Una madre protegge il figlio, un padre regge una candela accesa, tre angeli contemplano il bambino appena nato, mentre il calore dell’asino e del bue riscalda il letto di paglia dove madre e figlio sono adagiati. È una scena che appartiene alla quotidianità.
Eppure questo dipinto non è un idilliaco quadretto di Natale. Le immagini sono nitide, ma i volti sono indefiniti, i colori sono semplici, ma carichi di significato
Il dipinto ci parla di una casa provvisoria, con un letto fatto solamente di paglia per dormire. Una paglia che nel suo intreccio richiama la corona di spine che Gesù – Re dei giudei – porterà sul capo sino al Golgota; già in questo segno si mette in stretto legame l’incarnazione e la redenzione.

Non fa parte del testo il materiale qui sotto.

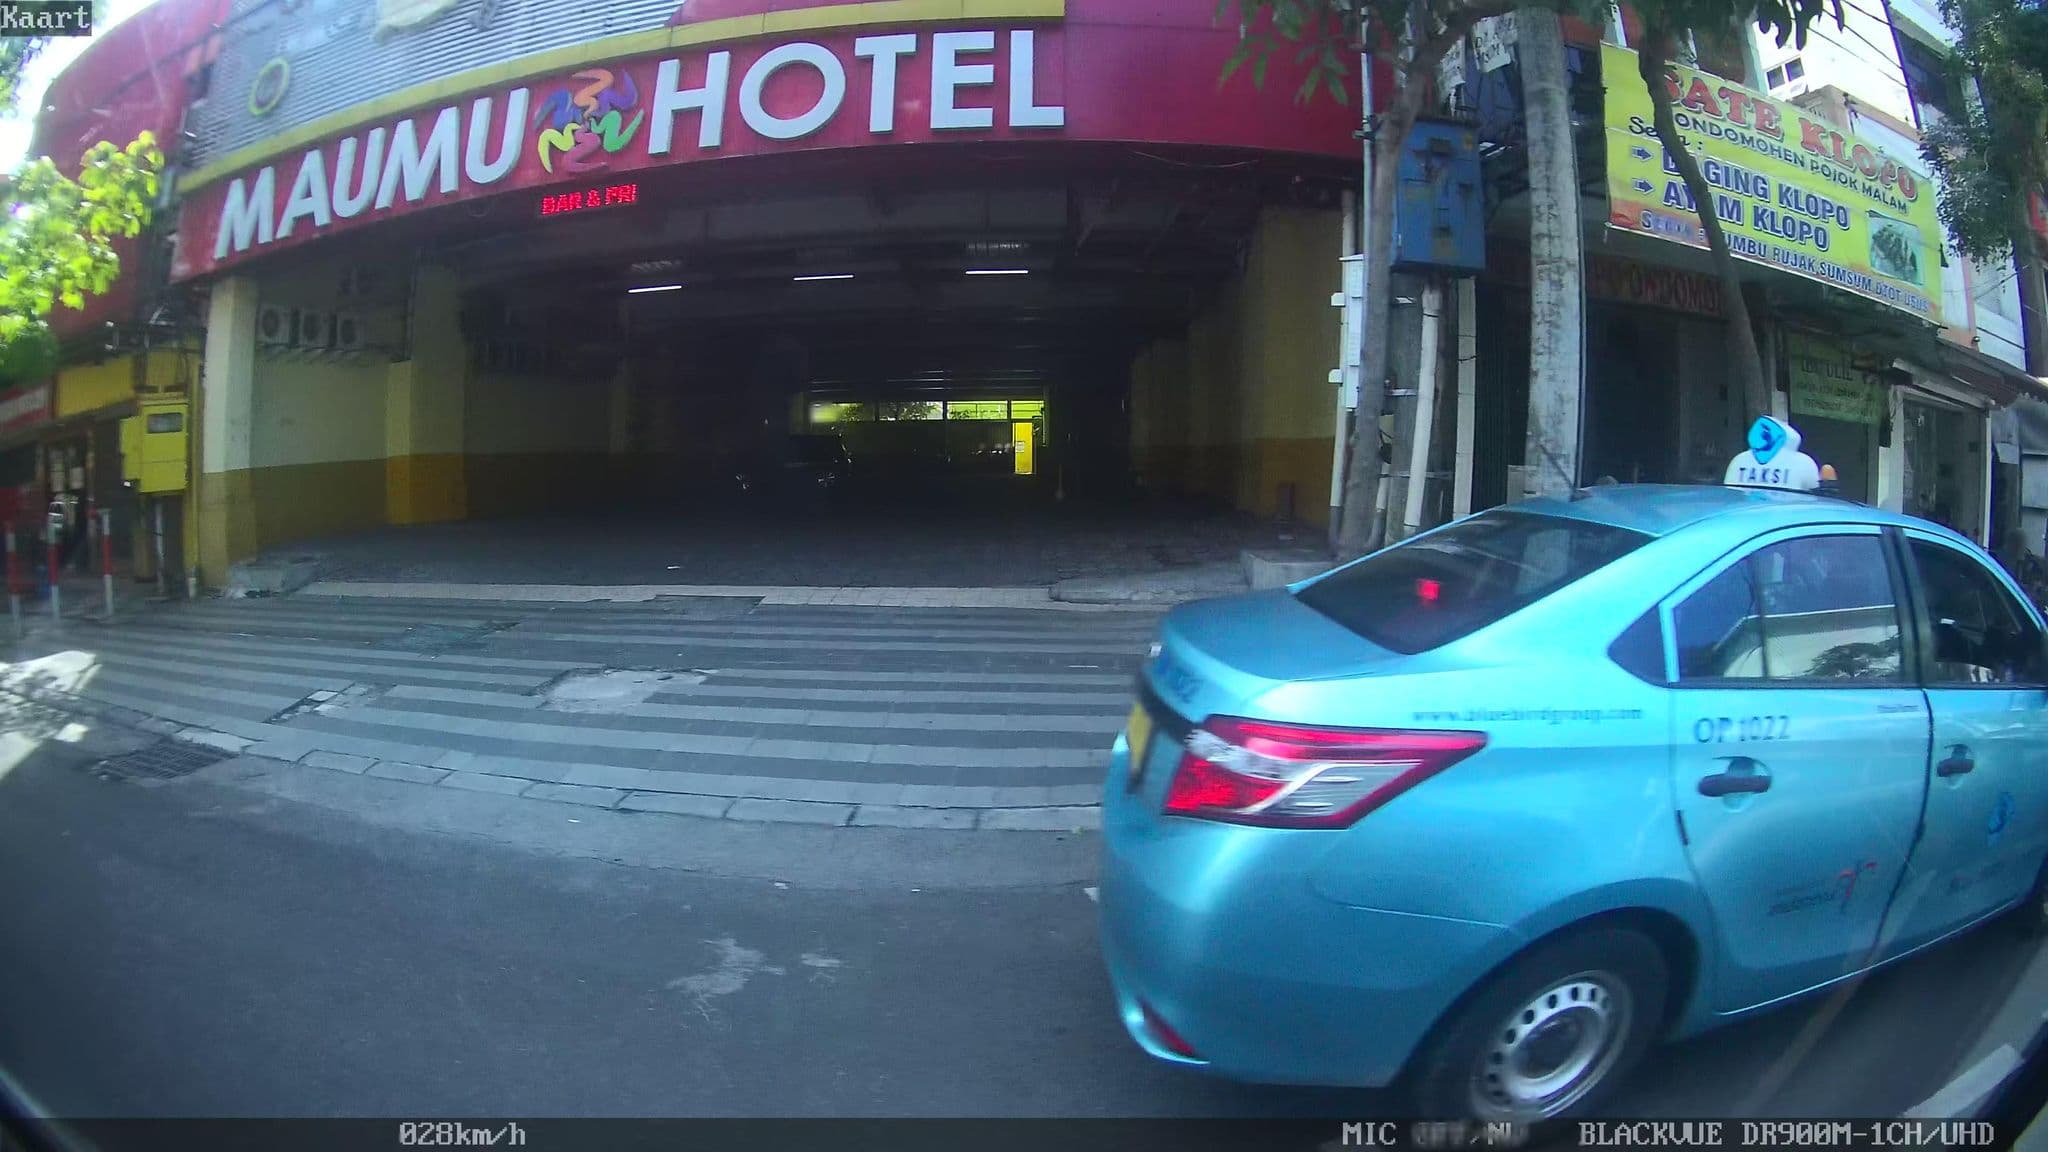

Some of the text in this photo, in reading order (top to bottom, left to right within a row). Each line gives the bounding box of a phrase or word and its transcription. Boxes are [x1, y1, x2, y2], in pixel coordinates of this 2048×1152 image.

Due sono le fonti di luce: il volto del bambino, che illumina la madre, e la luce della candela, che illumina l’uomo che la tiene tra le mani. La notte della Natività è illuminata a giorno dalla luce dell’Emmanuele, mentre l’oscurità della strada su cui si incammina il personaggio in primo piano, che rappresenta Giuseppe, è rischiarata dalla semplice ma forte luce della candela accesa che porta tra le mani; il suo gesto esprime la necessità di custodirla e ripararla dal vento e dalle intemperie perché non si spenga.
Il buio alle spalle di Giuseppe non fa paura perché la sua stessa vita è rischiarata da quella luce. Cammina in punta di piedi e nella notte si fa anche lui testimone di luce. E’ segno di ognuno di noi, chiamati a non si fermarci lì (alla nascita di Gesù), ma chiamati a partire da lì, sapendo assumerci la responsabilità di quell’evento e incamminarci nella storia sapendo che essa è già rischiarata e salvata da Dio.
Con Arcabas, autore di questo quadro, auguri di cuore a tutti!